◆ **What you have to do**
Transcribe word for word the section of the records below that opens with the line containing "this 1344×1134 image." and closes with the line containing "Some of the words"; drop every picture.

◆ **Record extracts**
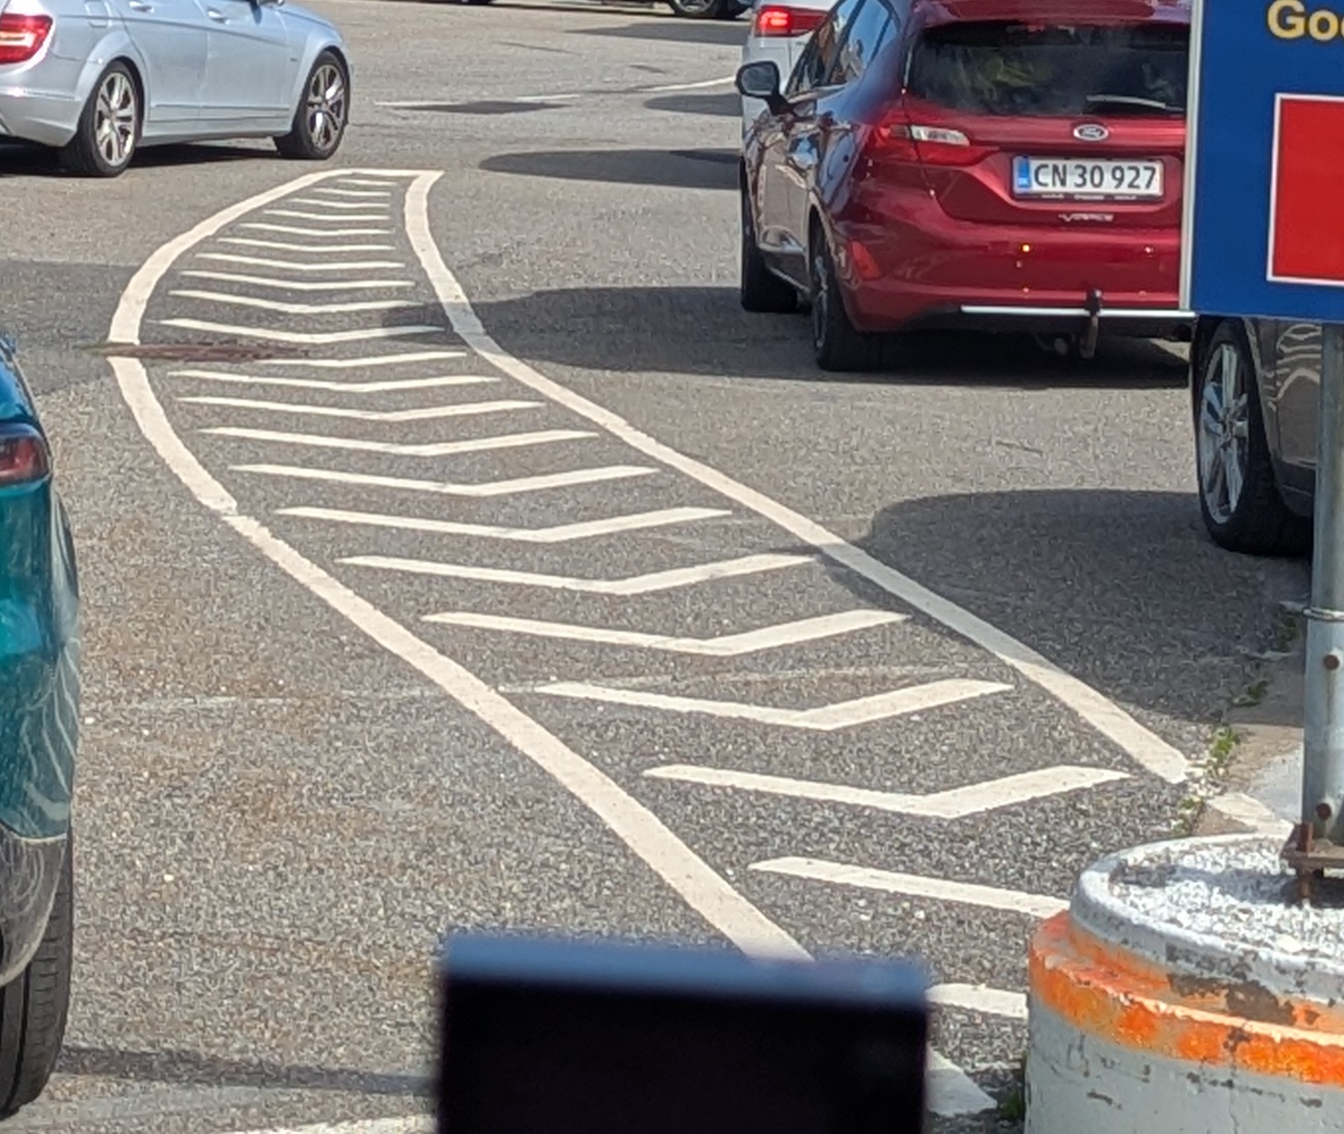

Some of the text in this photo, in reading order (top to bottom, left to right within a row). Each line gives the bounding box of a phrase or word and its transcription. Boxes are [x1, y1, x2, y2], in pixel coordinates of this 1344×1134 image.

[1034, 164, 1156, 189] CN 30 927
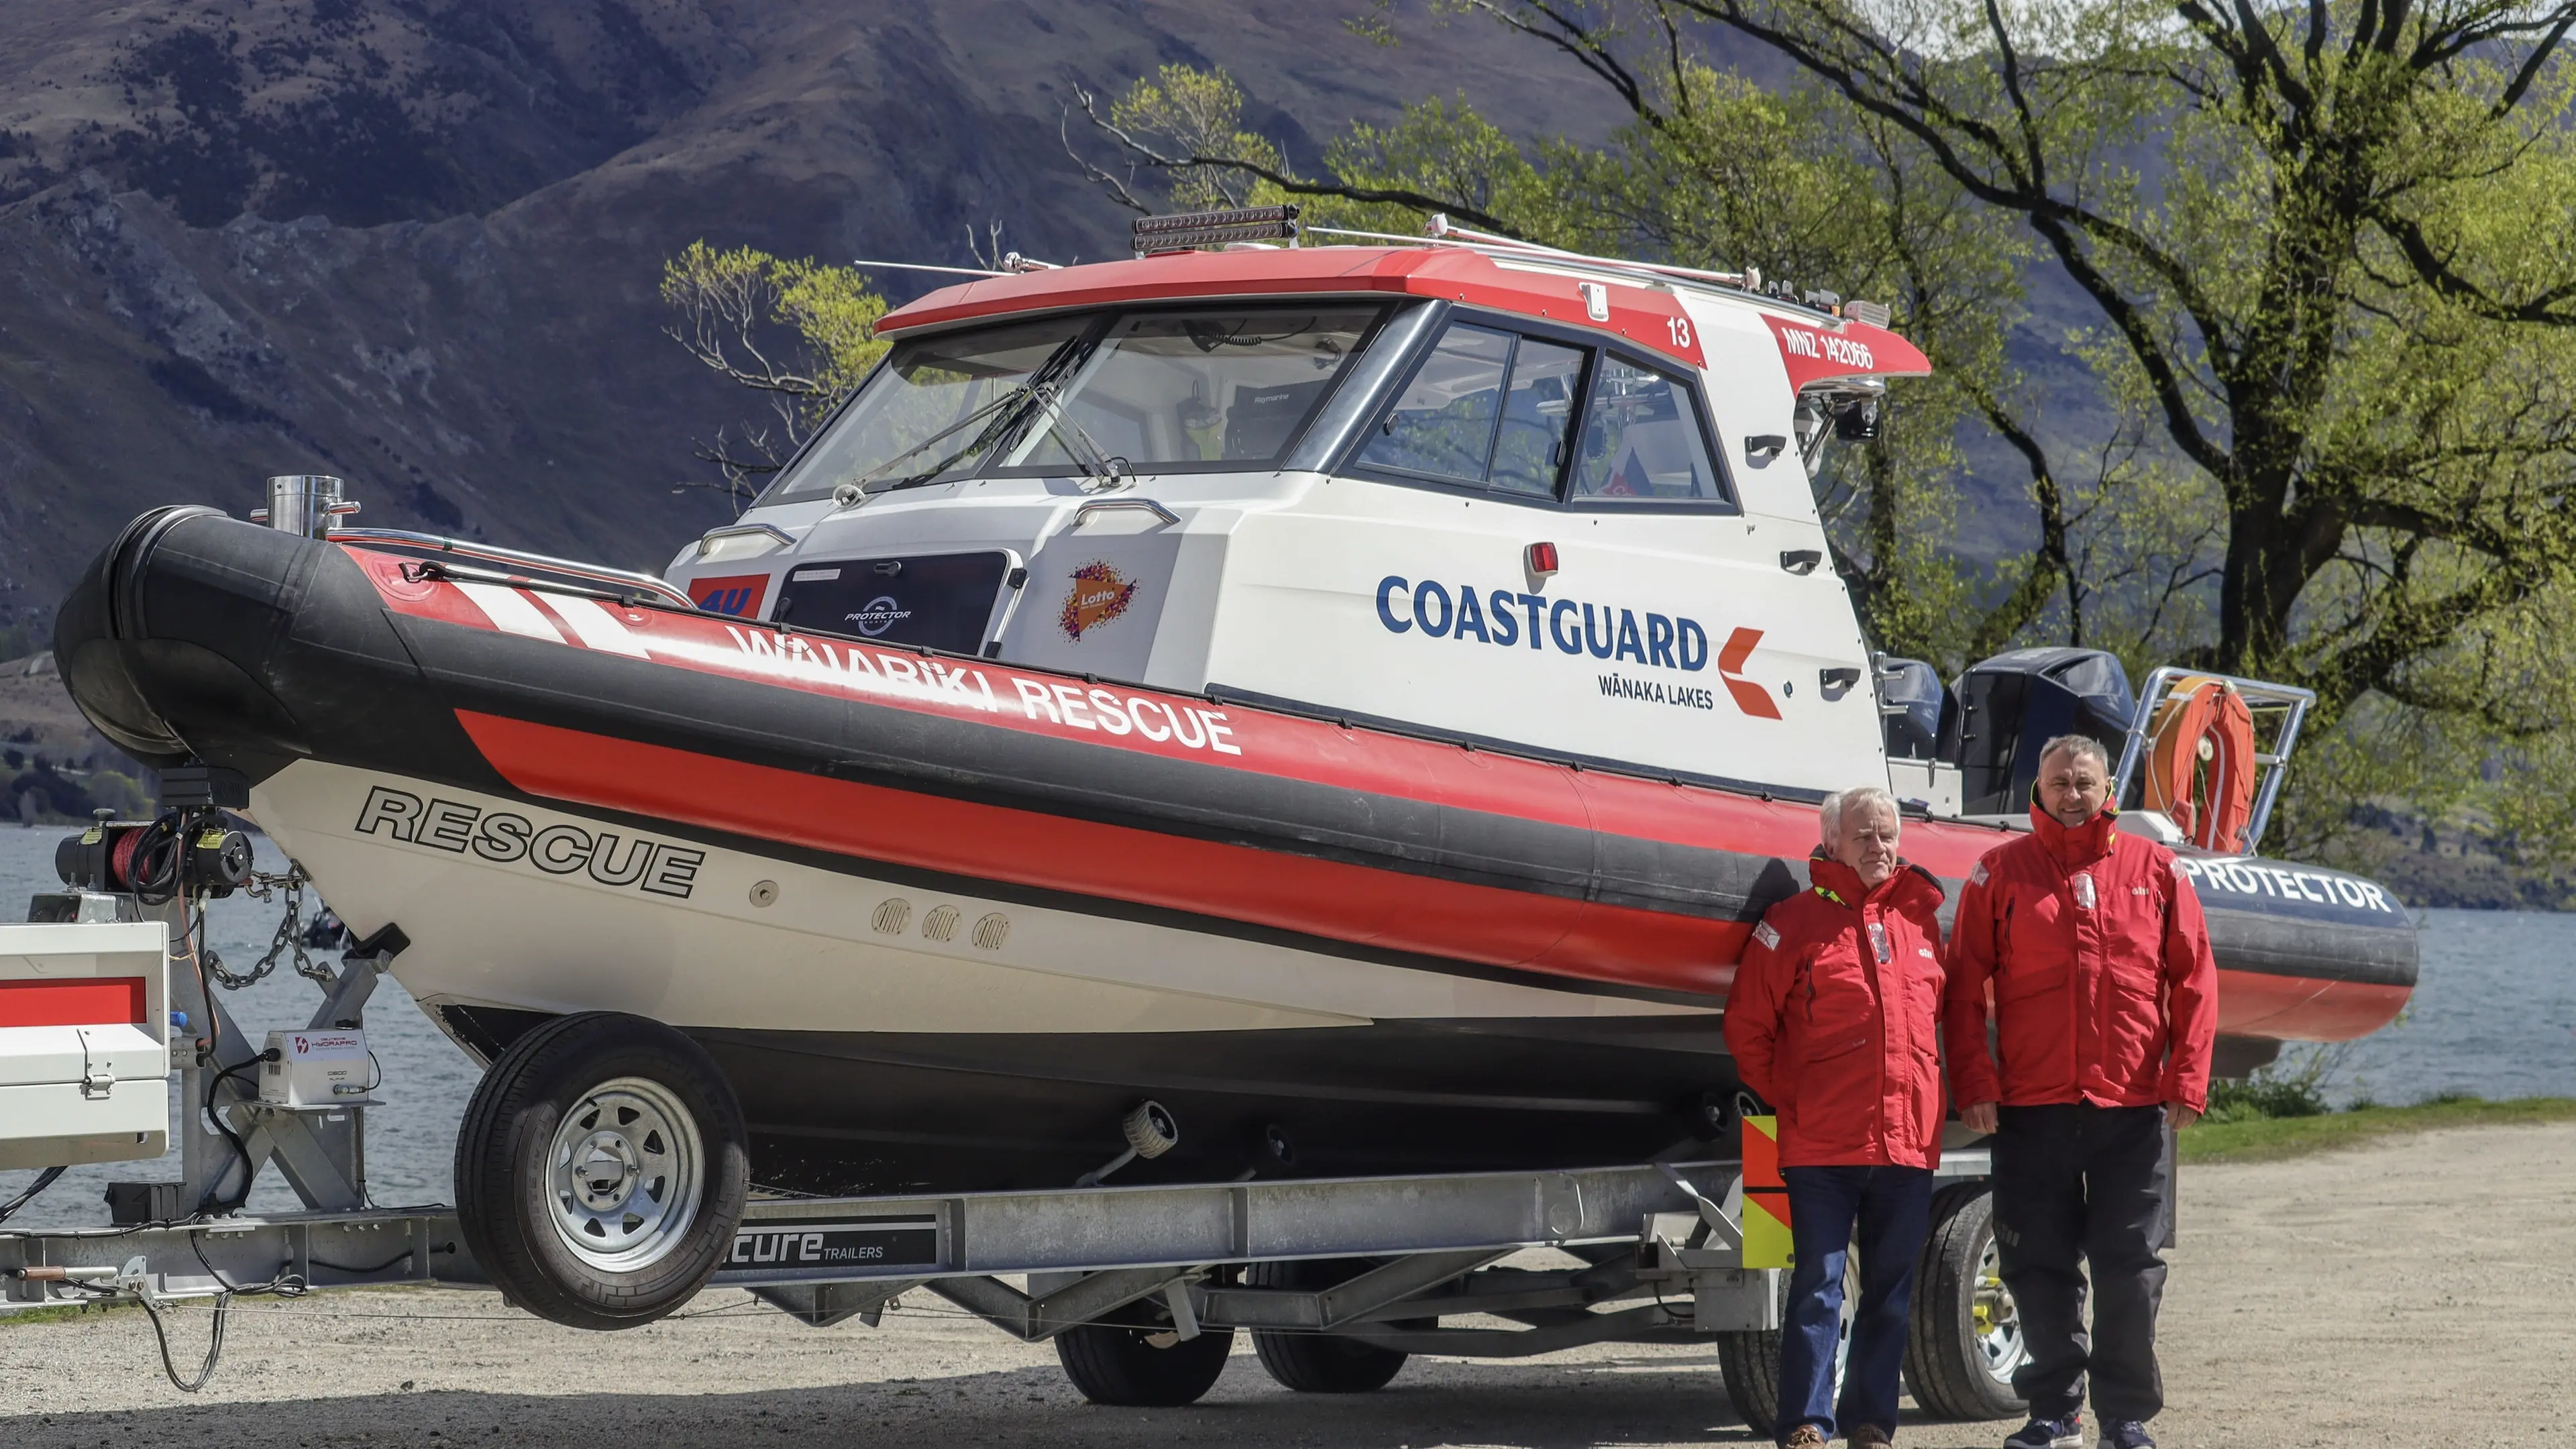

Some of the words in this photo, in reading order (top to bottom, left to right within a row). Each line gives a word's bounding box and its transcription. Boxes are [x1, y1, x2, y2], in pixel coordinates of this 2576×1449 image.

...

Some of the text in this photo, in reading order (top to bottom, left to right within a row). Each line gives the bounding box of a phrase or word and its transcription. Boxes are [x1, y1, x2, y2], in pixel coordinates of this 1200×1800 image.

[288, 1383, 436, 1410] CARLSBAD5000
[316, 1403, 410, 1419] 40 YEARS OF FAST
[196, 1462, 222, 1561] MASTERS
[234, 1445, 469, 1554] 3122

--

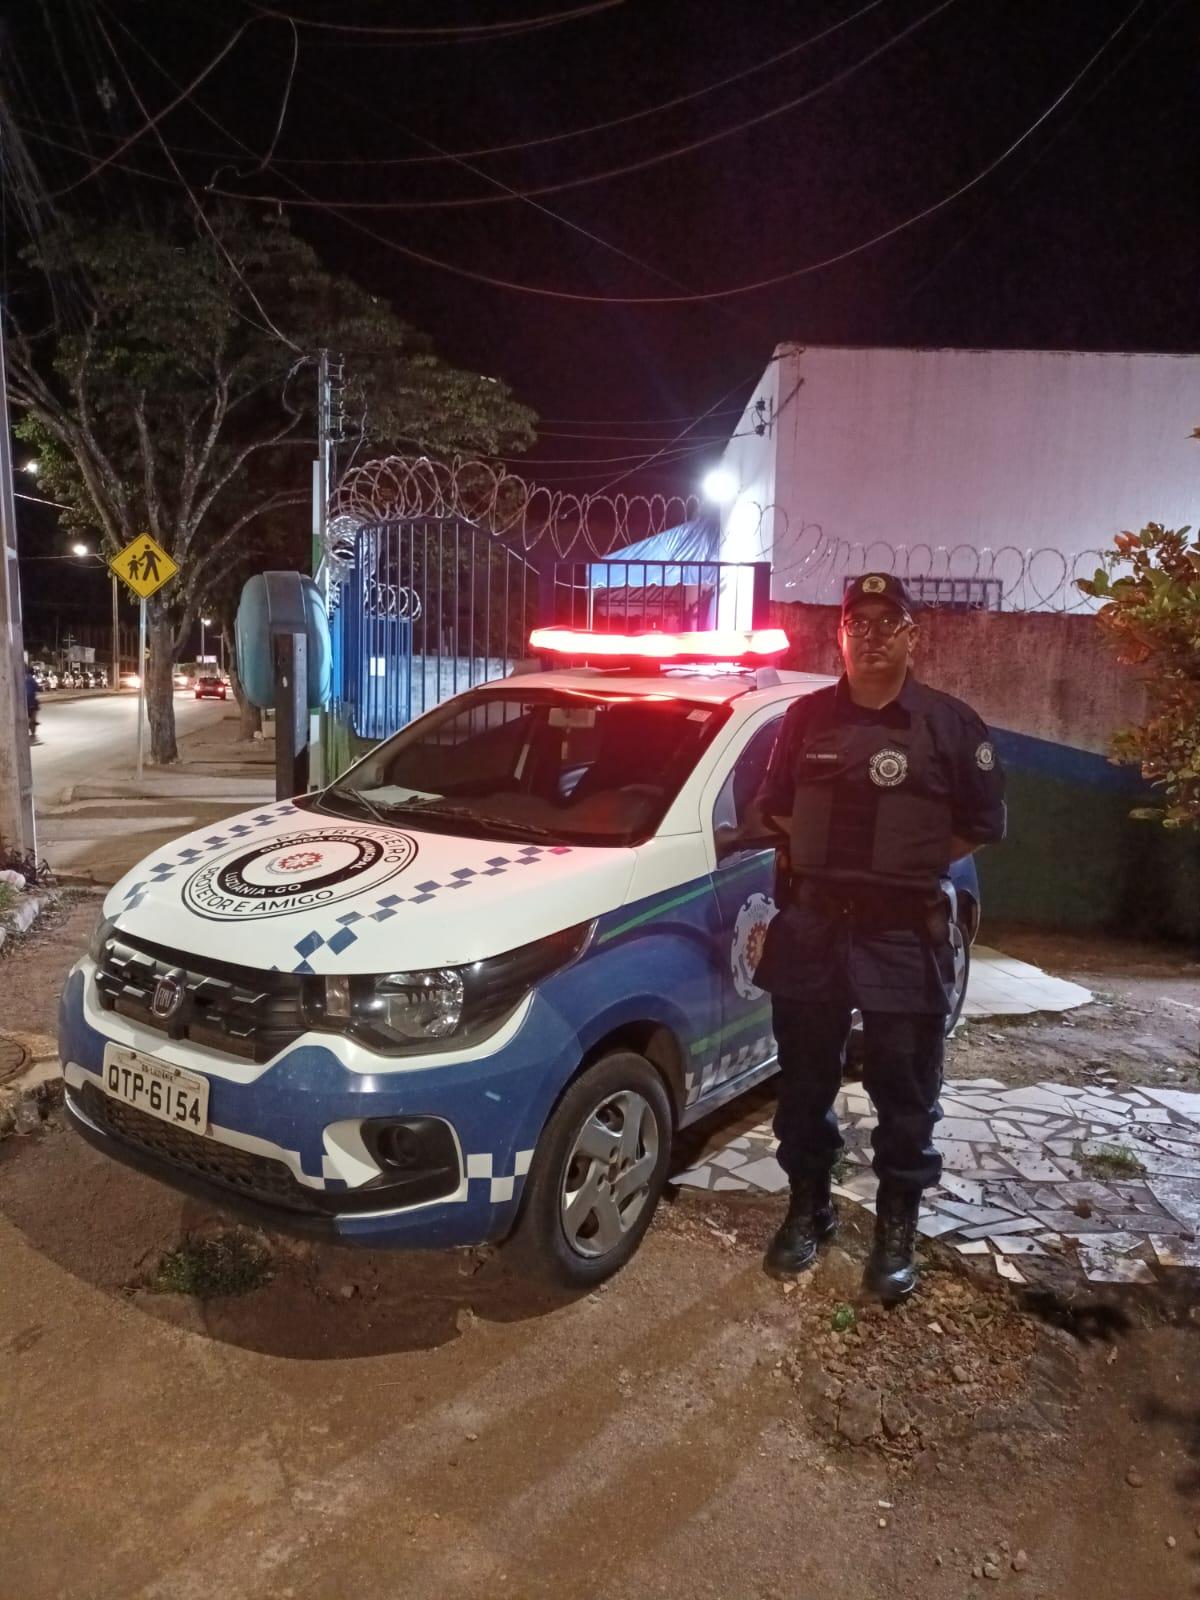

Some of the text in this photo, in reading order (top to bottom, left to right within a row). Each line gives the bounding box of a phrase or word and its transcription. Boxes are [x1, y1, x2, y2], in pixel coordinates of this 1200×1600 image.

◆ **Final answer**
Some of the text in this photo, in reading order (top to bottom, left to right within a row). Each line gives the bounding box of a phrase or word and its transcription. Boxes are [x1, y1, x2, y2], in pixel coordinates of this 1344×1134 image.

[1034, 164, 1156, 189] CN 30 927

Some of the words in this photo, in reading order (top to bottom, left to right within a row). Each line gives a word's bounding box and its transcription. Boxes are [x1, y1, x2, y2], in pixel coordinates of this 2576×1449 image.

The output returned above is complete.